Work order
Go through the entries below and print each one exactly.
┄┄┄┄┄┄┄┄┄┄
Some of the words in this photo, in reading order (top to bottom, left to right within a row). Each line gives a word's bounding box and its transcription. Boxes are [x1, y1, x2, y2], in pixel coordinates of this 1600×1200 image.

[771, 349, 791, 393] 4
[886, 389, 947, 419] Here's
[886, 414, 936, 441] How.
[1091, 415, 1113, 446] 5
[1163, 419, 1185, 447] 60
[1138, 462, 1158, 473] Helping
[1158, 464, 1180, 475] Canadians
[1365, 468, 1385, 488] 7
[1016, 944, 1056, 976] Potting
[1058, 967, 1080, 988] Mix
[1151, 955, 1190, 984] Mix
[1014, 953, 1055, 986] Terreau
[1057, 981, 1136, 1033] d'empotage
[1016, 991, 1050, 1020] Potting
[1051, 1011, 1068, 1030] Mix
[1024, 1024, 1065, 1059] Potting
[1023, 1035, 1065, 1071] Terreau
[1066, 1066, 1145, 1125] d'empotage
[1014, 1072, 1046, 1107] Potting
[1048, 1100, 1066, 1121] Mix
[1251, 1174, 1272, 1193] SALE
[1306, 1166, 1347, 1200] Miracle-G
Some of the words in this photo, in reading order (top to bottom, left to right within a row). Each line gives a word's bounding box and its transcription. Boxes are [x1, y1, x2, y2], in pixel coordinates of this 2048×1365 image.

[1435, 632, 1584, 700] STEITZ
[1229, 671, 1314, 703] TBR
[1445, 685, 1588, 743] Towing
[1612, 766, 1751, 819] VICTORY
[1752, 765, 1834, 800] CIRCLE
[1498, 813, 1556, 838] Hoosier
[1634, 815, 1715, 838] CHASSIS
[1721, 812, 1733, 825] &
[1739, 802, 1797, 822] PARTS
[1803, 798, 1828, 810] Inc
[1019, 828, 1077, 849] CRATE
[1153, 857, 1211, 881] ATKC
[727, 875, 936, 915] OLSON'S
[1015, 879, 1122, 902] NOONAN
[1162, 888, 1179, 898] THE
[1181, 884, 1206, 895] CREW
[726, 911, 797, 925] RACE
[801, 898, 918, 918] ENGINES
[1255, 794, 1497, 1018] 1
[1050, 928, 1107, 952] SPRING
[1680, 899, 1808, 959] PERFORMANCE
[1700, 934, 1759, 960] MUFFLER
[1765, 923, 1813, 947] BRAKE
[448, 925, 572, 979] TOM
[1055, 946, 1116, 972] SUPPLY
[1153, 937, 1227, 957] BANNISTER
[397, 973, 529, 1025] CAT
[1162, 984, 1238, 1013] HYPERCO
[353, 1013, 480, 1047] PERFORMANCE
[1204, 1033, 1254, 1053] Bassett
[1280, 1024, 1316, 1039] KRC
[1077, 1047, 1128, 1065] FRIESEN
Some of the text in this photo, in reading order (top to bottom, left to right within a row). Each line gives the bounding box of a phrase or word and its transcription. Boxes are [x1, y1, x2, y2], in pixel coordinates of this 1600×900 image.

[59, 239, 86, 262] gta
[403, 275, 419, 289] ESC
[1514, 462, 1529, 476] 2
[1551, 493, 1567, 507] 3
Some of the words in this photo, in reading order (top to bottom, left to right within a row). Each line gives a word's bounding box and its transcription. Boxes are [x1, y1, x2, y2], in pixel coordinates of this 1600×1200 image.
┄┄┄┄┄┄┄┄┄┄
Solution to the exercise
Some of the words in this photo, in reading order (top to bottom, left to right within a row). Each line gives a word's bounding box and its transcription. Boxes are [x1, y1, x2, y2], in pixel coordinates of this 1600×1200 image.

[771, 349, 791, 393] 4
[886, 389, 947, 419] Here's
[886, 414, 936, 441] How.
[1091, 415, 1113, 446] 5
[1163, 419, 1185, 447] 60
[1138, 462, 1158, 473] Helping
[1158, 464, 1180, 475] Canadians
[1365, 468, 1385, 488] 7
[1016, 944, 1056, 976] Potting
[1058, 967, 1080, 988] Mix
[1151, 955, 1190, 984] Mix
[1014, 953, 1055, 986] Terreau
[1057, 981, 1136, 1033] d'empotage
[1016, 991, 1050, 1020] Potting
[1051, 1011, 1068, 1030] Mix
[1024, 1024, 1065, 1059] Potting
[1023, 1035, 1065, 1071] Terreau
[1066, 1066, 1145, 1125] d'empotage
[1014, 1072, 1046, 1107] Potting
[1048, 1100, 1066, 1121] Mix
[1251, 1174, 1272, 1193] SALE
[1306, 1166, 1347, 1200] Miracle-G
Some of the words in this photo, in reading order (top to bottom, left to right within a row). Each line gives a word's bounding box and its transcription. Boxes are [x1, y1, x2, y2], in pixel coordinates of this 2048×1365 image.

[1435, 632, 1584, 700] STEITZ
[1229, 671, 1314, 703] TBR
[1445, 685, 1588, 743] Towing
[1612, 766, 1751, 819] VICTORY
[1752, 765, 1834, 800] CIRCLE
[1498, 813, 1556, 838] Hoosier
[1634, 815, 1715, 838] CHASSIS
[1721, 812, 1733, 825] &
[1739, 802, 1797, 822] PARTS
[1803, 798, 1828, 810] Inc
[1019, 828, 1077, 849] CRATE
[1153, 857, 1211, 881] ATKC
[727, 875, 936, 915] OLSON'S
[1015, 879, 1122, 902] NOONAN
[1162, 888, 1179, 898] THE
[1181, 884, 1206, 895] CREW
[726, 911, 797, 925] RACE
[801, 898, 918, 918] ENGINES
[1255, 794, 1497, 1018] 1
[1050, 928, 1107, 952] SPRING
[1680, 899, 1808, 959] PERFORMANCE
[1700, 934, 1759, 960] MUFFLER
[1765, 923, 1813, 947] BRAKE
[448, 925, 572, 979] TOM
[1055, 946, 1116, 972] SUPPLY
[1153, 937, 1227, 957] BANNISTER
[397, 973, 529, 1025] CAT
[1162, 984, 1238, 1013] HYPERCO
[353, 1013, 480, 1047] PERFORMANCE
[1204, 1033, 1254, 1053] Bassett
[1280, 1024, 1316, 1039] KRC
[1077, 1047, 1128, 1065] FRIESEN
Some of the text in this photo, in reading order (top to bottom, left to right within a row). Each line gives the bounding box of a phrase or word and its transcription. Boxes are [x1, y1, x2, y2], in pixel coordinates of this 1600×900 image.

[59, 239, 86, 262] gta
[403, 275, 419, 289] ESC
[1514, 462, 1529, 476] 2
[1551, 493, 1567, 507] 3
Some of the words in this photo, in reading order (top to bottom, left to right within a row). Each line gives a word's bounding box and its transcription. Boxes are [x1, y1, x2, y2], in pixel coordinates of this 1600×1200 image.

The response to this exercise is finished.